U.S. Secretary of State Rex Tillerson said in a statement Tuesday that, in addition to implementing existing U.N. sanctions, "the international community must take additional measures to enhance maritime security, including the right to interdict maritime traffic transporting goods to and from" North Korea. But while this pattern of tougher responses for each new nuclear and missile test seems set to continue for the time being, Pyongyang is continuing its weapons development unabated, and tensions continue to build.
Time for a change
The U.S. has pledged to apply "maximum pressure" on the North, but it can do so only for so long. If Pyongyang manages to get both a functional, missile-mountable nuclear warhead and a rocket capable of delivering that payload to the U.S. mainland, a strategic shift could be in order to handle that new level of threat. Some American experts already believe the U.S. will have little choice but to recognize North Korea as a fellow nuclear power.

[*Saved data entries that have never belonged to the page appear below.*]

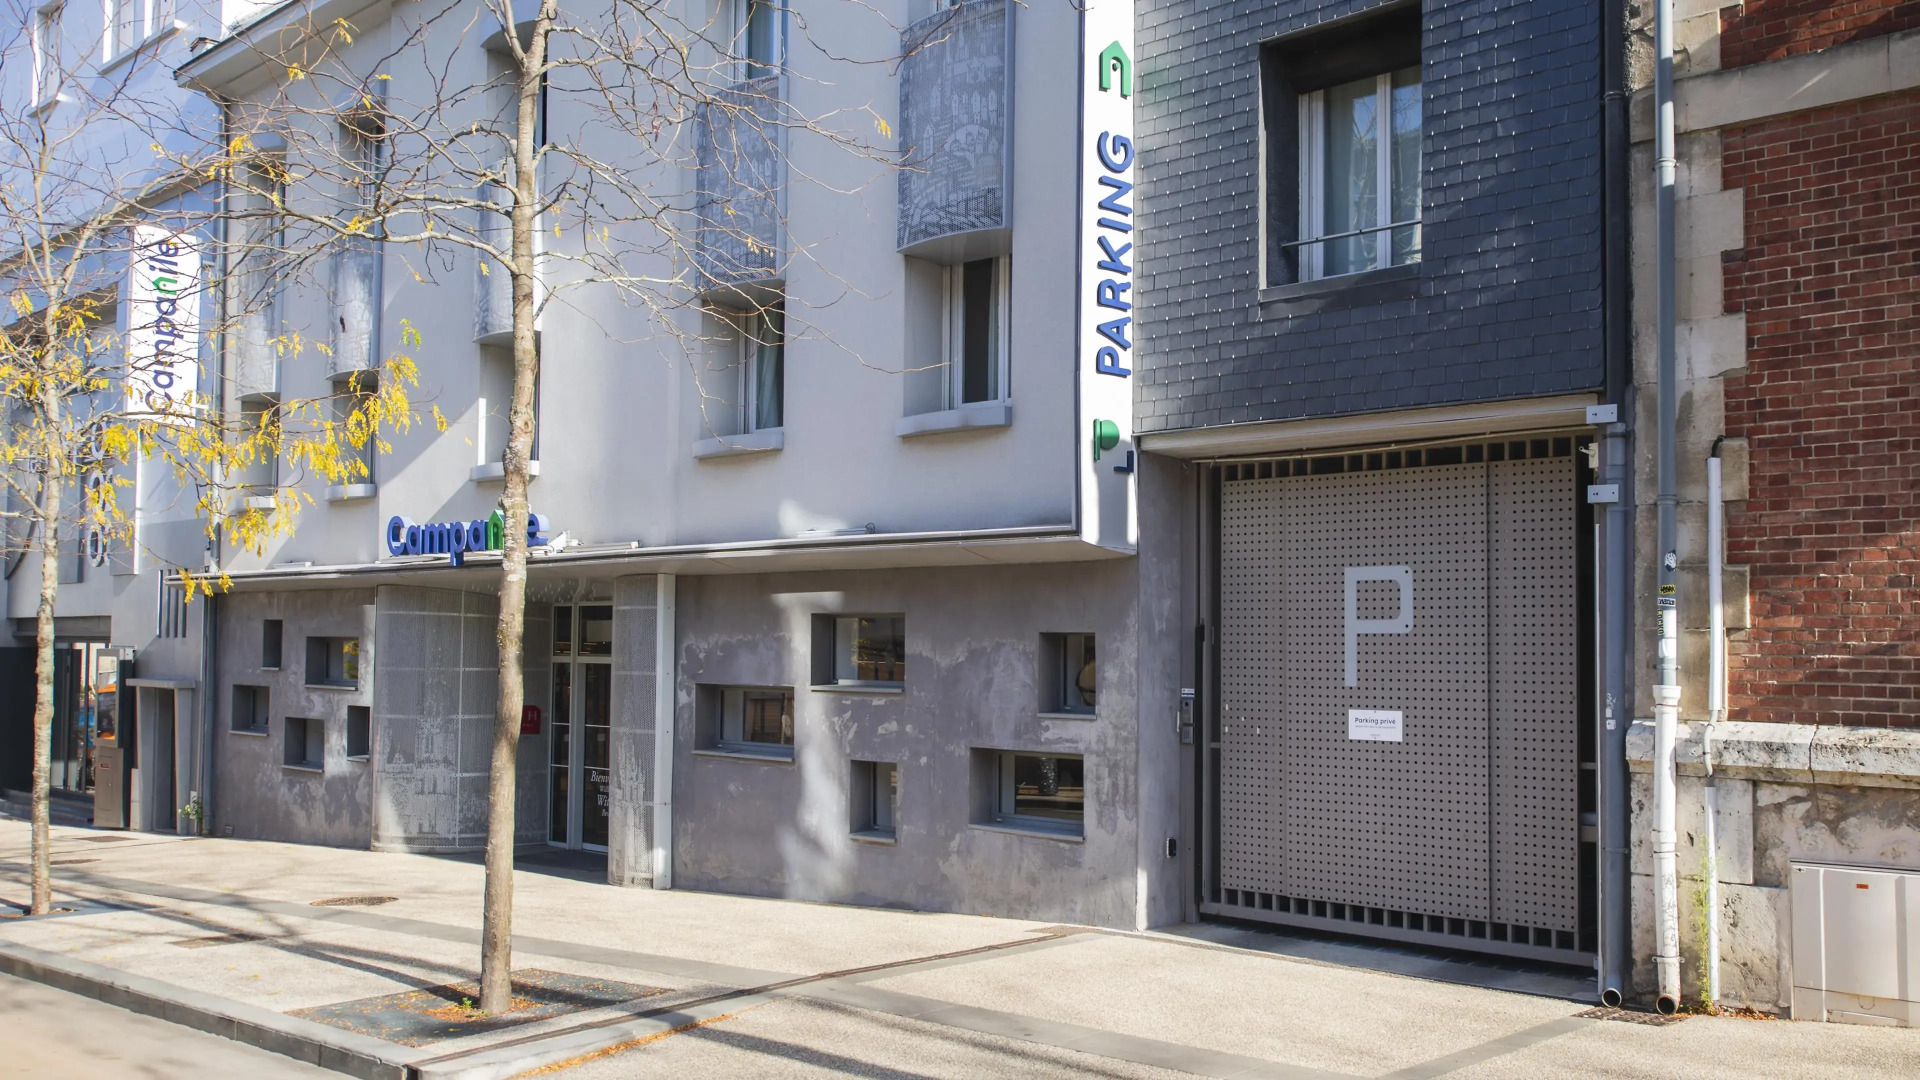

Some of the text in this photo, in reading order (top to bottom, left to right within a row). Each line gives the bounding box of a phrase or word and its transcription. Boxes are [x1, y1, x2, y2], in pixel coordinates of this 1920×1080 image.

[1097, 130, 1135, 378] PARKING
[145, 241, 184, 413] Campanile
[387, 508, 549, 566] Campane
[1344, 565, 1413, 687] P
[1354, 717, 1396, 725] Parking privé

Such a technological leap could also push the Trump administration in the direction of dialogue. Talks could result in an arrangement akin to that with Pakistan, under which the U.S. tacitly permits the country to hold nuclear weapons incapable of reaching the American mainland. In exchange, the North could freeze ICBM development.

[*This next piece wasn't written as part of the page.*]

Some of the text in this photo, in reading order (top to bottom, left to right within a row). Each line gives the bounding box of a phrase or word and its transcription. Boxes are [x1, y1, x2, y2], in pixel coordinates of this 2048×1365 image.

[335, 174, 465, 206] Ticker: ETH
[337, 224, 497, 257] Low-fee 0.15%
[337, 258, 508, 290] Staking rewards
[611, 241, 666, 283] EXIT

But this trade-off is among the worst possible scenarios for America's allies Japan and South Korea. Having nuclear-armed midrange missiles aimed at Japan could further hinder Tokyo's attempts to officially determine the fates of citizens abducted by the North in the 1970s and '80s. Such a threat could also revive the idea of Japan and South Korea getting nuclear weapons of their own.
Tillerson insisted in his statement that "diplomatic options remain viable and open, for now," and that the U.S. "remains committed to finding a peaceful path to denuclearization and to ending belligerent actions by North Korea," implying military force will be used only as a last resort. The U.S. government calculates military action against North Korea could result in millions of casualties, and most view it as an unrealistic option.

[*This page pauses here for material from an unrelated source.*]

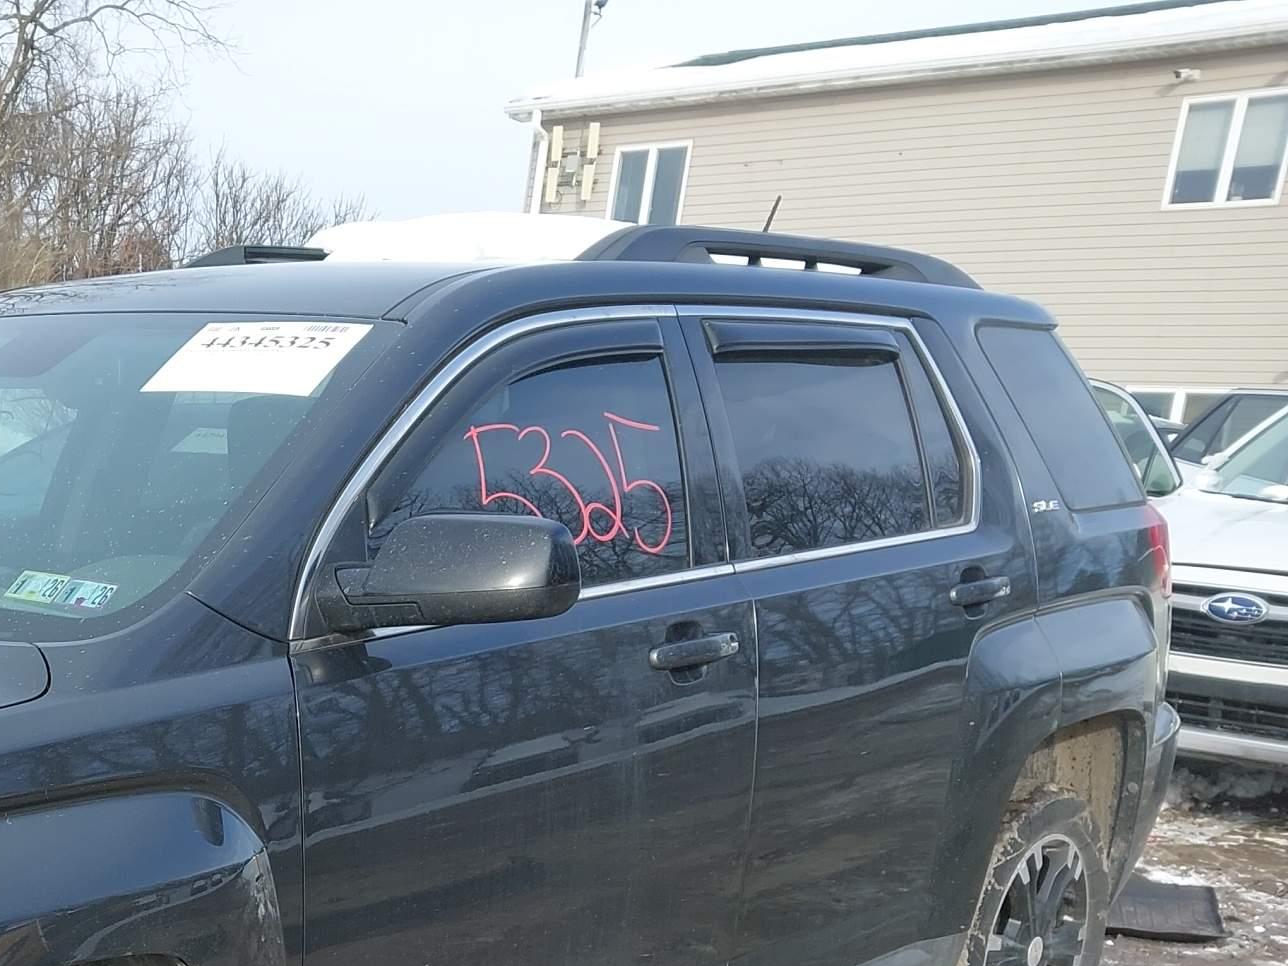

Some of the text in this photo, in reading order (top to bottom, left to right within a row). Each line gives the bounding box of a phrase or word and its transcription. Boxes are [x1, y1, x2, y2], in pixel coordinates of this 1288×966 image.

But the growing threat to the U.S. mainland could be changing that calculus. "If we have to go to war to stop this, we will," Sen. Lindsey Graham, Republican of South Carolina, said Tuesday.
Up to the edge
The Trump administration has not yet made public what sort of provocation would prompt a military response, arguing that to reveal that information would put the U.S. at a strategic disadvantage. A missile strike on the waters surrounding the U.S. territory of Guam or a hydrogen bomb test in the Pacific Ocean could be taken as a de facto declaration of war.
The higher-than-normal trajectory of the latest launch, which landed the new Hwasong-15 missile in the Sea of Japan, may have been "calculated to avoid crossing red lines that could provoke military action by Washington," the Wall Street Journal wrote. This could mean the Kim regime aims to preserve the option of dialogue.
It is unlikely that the North has yet secured the technology needed to protect a nuclear warhead from the stress of re-entering the earth's atmosphere -- an essential element for ICBMs to be deployed as weapons. But even that may not be far off. "If things continue as they are," the North "could obtain reentry technology and reach the first stage of deployment within a year and a half," according to Japanese military analyst Kazuhisa Ogawa.
Washington is therefore reluctant to take military action off the table entirely. The Trump administration is thought to be weighing a host of options, including regime change in the North.